Nama gue Andre, umur 23 tahun. Interior designer fresh graduate. Gue mengakui kalau gue gay dan seorang botti sejati. Gue bersyukur dikasih bentuk tubuh yang kata topita-topita sih, "gemoy", bercover kulit putih mulus karena rajin mandi pakai Shinzui. Bercandhyaaa!
Yang jelas kulit putih dan mulus ini turunan dari nyokap gue yang kebetulan berdarah Jepang karena konon dulu neneknya kawin sama serdadu Nippon.
Desember lalu gue baru banget wisuda dan gue akui cari kerja di zaman now itu memang tidak semudah membalikkan telapak kaki Pevita Pearce. Jadilah gue nganggur selama 3 bulan sejak wisuda.
Dengan IPK yang mendekati cum laude, dan portofolio desain yang juara, sebenarnya gue udah keterima di beberapa tempat, mulai dari startup sampai company besar. Tapi, gue sendiri yang merasa kureng dengan lingkungan dan orang-orang di dalamnya. Baru interview aja udah kelihatan kalo gak cucok buat mental health gue. Gen Z banget ya wak?
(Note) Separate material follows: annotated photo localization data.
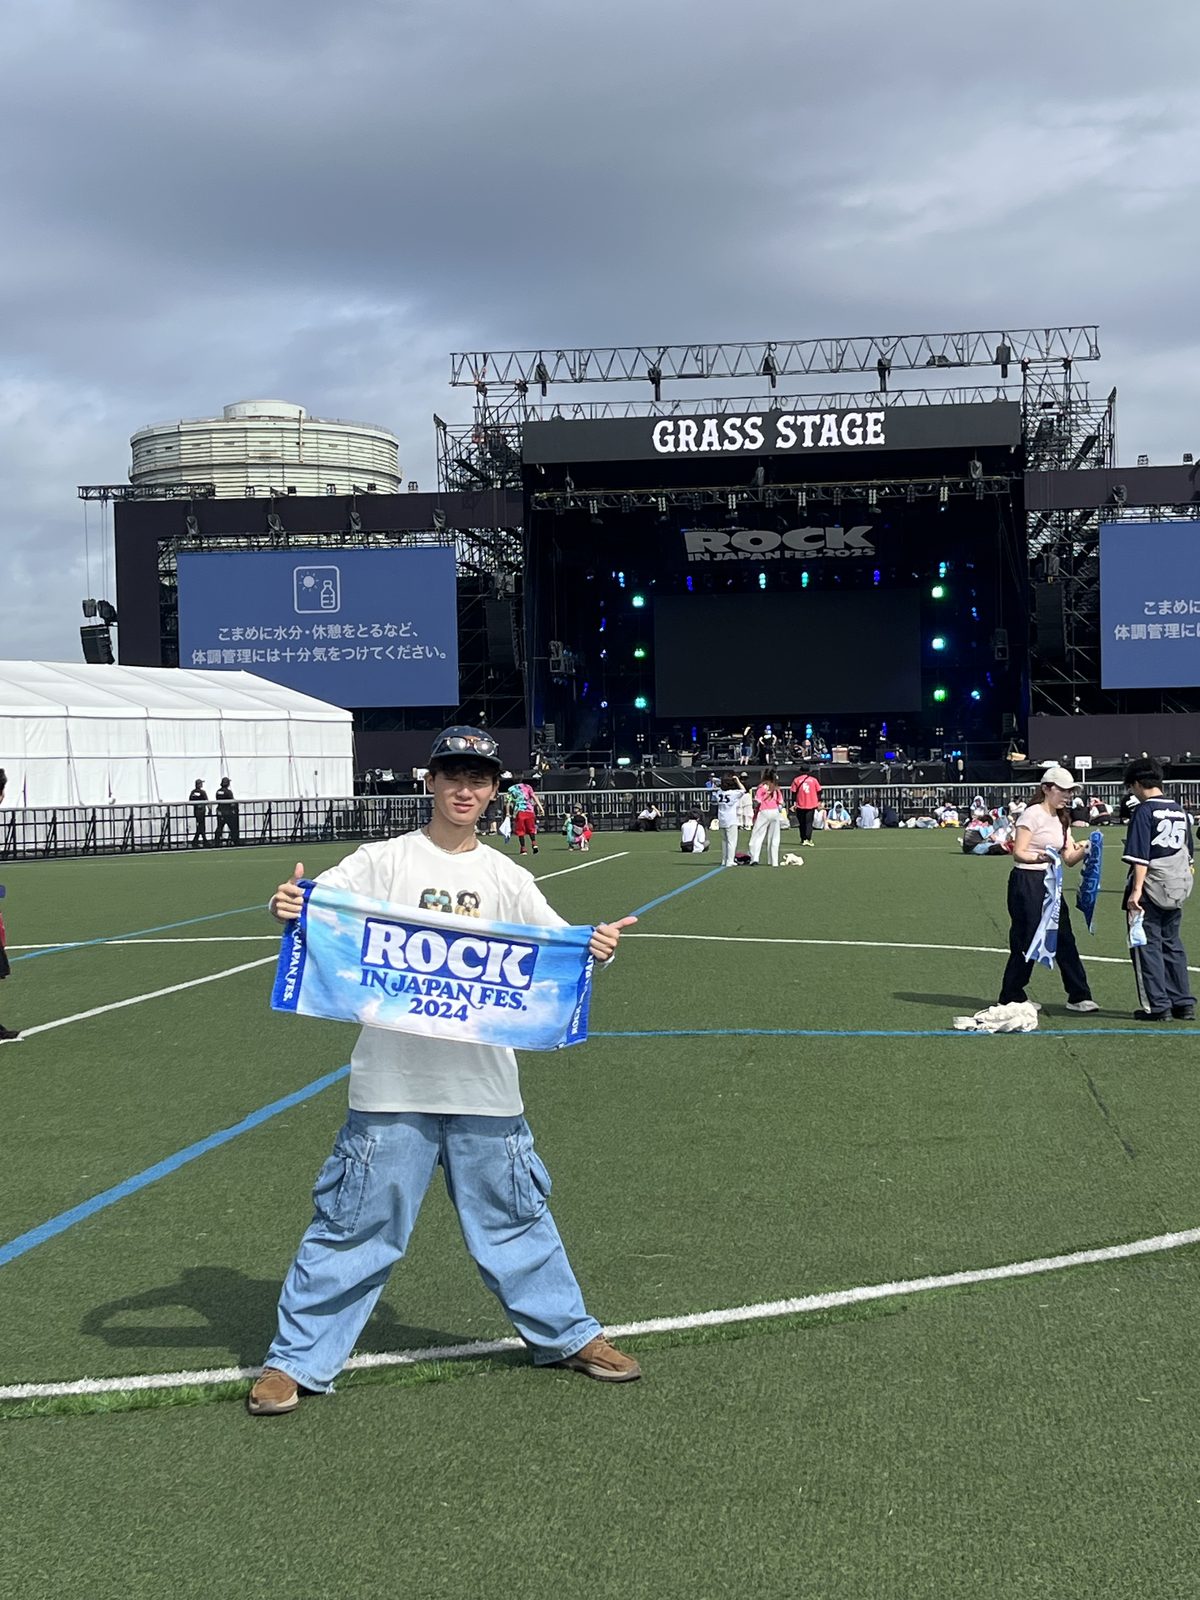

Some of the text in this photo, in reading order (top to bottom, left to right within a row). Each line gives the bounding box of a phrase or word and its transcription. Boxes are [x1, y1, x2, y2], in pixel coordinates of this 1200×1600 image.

[652, 411, 886, 453] GRASS STAGE
[684, 525, 875, 553] ROCK
[688, 552, 711, 561] IN
[713, 550, 781, 561] JAPAN
[1143, 599, 1200, 615] こまめに
[1114, 622, 1200, 641] 体調管理に
[1151, 819, 1186, 849] 25
[363, 921, 534, 988] ROCK
[360, 969, 528, 1011] IN JAPAN FES.
[408, 997, 469, 1022] 2024
Sampai akhirnya, didorong oleh Nyokap yang makin bawel melihat anak perawannya yang sudah tidak perawan diam di rumah saja, gue pun memutuskan untuk kembali menghadiri panggilan interview. Kali ini sebuah konsultan dan kontraktor arsitektur dan interior di kawasan BSD, which is 2,5 jam naek KRL dari rumah gue di Planet B3KA51.
Pukul 12.30 gue udah standby di Indoapril yang terletak di depan sebuah ruko bertuliskan, "GAYA Living". Awalnya gue sempat kaget karena yang tampak di mata gue, "GAY living".
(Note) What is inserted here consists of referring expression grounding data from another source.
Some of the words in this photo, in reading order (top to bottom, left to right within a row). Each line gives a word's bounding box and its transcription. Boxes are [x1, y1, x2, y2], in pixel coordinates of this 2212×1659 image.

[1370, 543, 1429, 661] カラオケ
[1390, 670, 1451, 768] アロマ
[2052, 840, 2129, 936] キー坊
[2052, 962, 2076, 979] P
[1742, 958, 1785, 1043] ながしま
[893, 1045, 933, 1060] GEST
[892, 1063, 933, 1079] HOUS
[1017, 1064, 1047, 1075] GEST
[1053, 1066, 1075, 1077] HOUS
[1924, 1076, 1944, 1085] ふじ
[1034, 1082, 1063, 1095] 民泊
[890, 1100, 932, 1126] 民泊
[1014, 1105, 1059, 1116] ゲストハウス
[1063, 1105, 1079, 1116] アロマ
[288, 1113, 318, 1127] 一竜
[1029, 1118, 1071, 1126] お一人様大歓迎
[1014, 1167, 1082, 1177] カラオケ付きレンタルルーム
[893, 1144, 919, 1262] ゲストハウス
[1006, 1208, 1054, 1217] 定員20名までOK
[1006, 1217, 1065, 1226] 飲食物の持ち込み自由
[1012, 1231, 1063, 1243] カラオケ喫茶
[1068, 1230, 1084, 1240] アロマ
Gue pun memastikan kembali surel panggilan interview yang gue terima tiga hari yang lalu. Benarkah "GAYA Living", atau memang "GAY Living"? Mentang-mentang gue gay jadi mereka ingin mempekerjakan gue gitu?
Gak kebayang kalo boneng kantor tempat gue kerja nanti adalah "GAY Living". Di bayangan gue konsep interior kantornya dipenuhi nuansa pelangi dan alat-alat BDSM. Terus semua karyawan adalah pria-pria bertubuh kekar, ada yang lakik abis, ada yang ngondek. Seragam kerjanya hanya singlet dan boxer, beberapa bahkan shirtless. Oke gue rasa gue halu akibat mabok 3 botol Nu Greentea.
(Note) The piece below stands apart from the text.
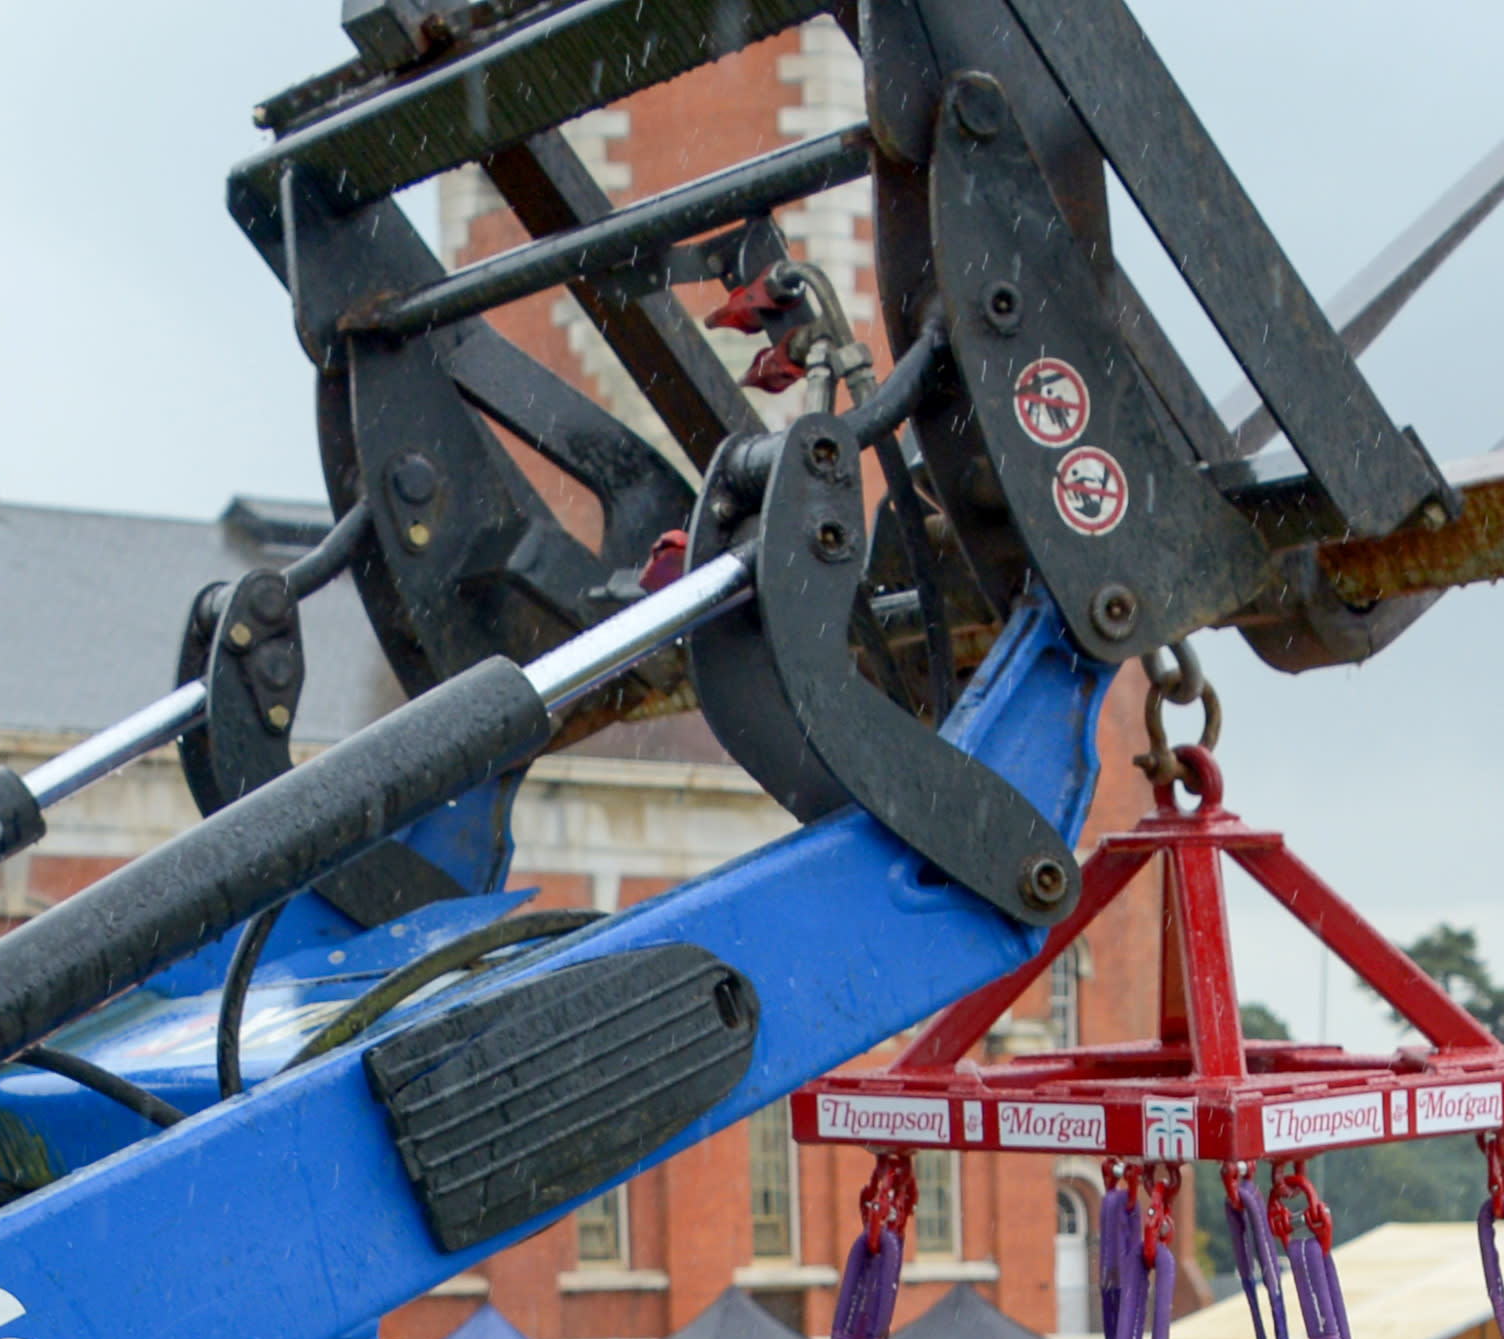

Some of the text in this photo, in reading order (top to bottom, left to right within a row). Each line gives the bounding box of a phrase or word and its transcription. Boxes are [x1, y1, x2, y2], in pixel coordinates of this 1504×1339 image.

[822, 1099, 1104, 1148] Thompson & Morgan
[1265, 1091, 1502, 1142] Thompson & Morgan
"Nyang mau interpiu, yak?" Suara itu membuyarkan lamunan gue tentang GAY Living.
Tau-tau nih mamang-mamang udah jebe-jebe aja duduk di sebelah gue. FYI, gue duduk di bangku bakso, yang menggeletak manja di depan Indoapril.
Mata gue auto scanning mamang-mamang bertubuh kurus berotot dan berwajah cute ini. Jujur, dibalik logat bicaranya yang mamang-mamanga abis, muka nih orang terlihat begitu cute dan ganteng. Mukanya mirip Ricky Harun versi lebih matang dan lebih sulit hidupnya.
"Aa, kok bengong?" Tanyanya lagi keheranan. Gue yang sedaritadi mengamati wajah rupawannya auto gelagapan.
"Eeeh, iya. Saya mau interview di sana tuh, jam satu nanti." Kata gue sambil nunjuk GAY-A Living.
"Oooh bener berarti. Sok, masuk aja atuh 'A. Nunggu di dalem, adem. Ngapain nunggu di sini, panas." Katanya mempersilakan gue untuk masuk.
I don't even know siape nih mamang ganteng ini.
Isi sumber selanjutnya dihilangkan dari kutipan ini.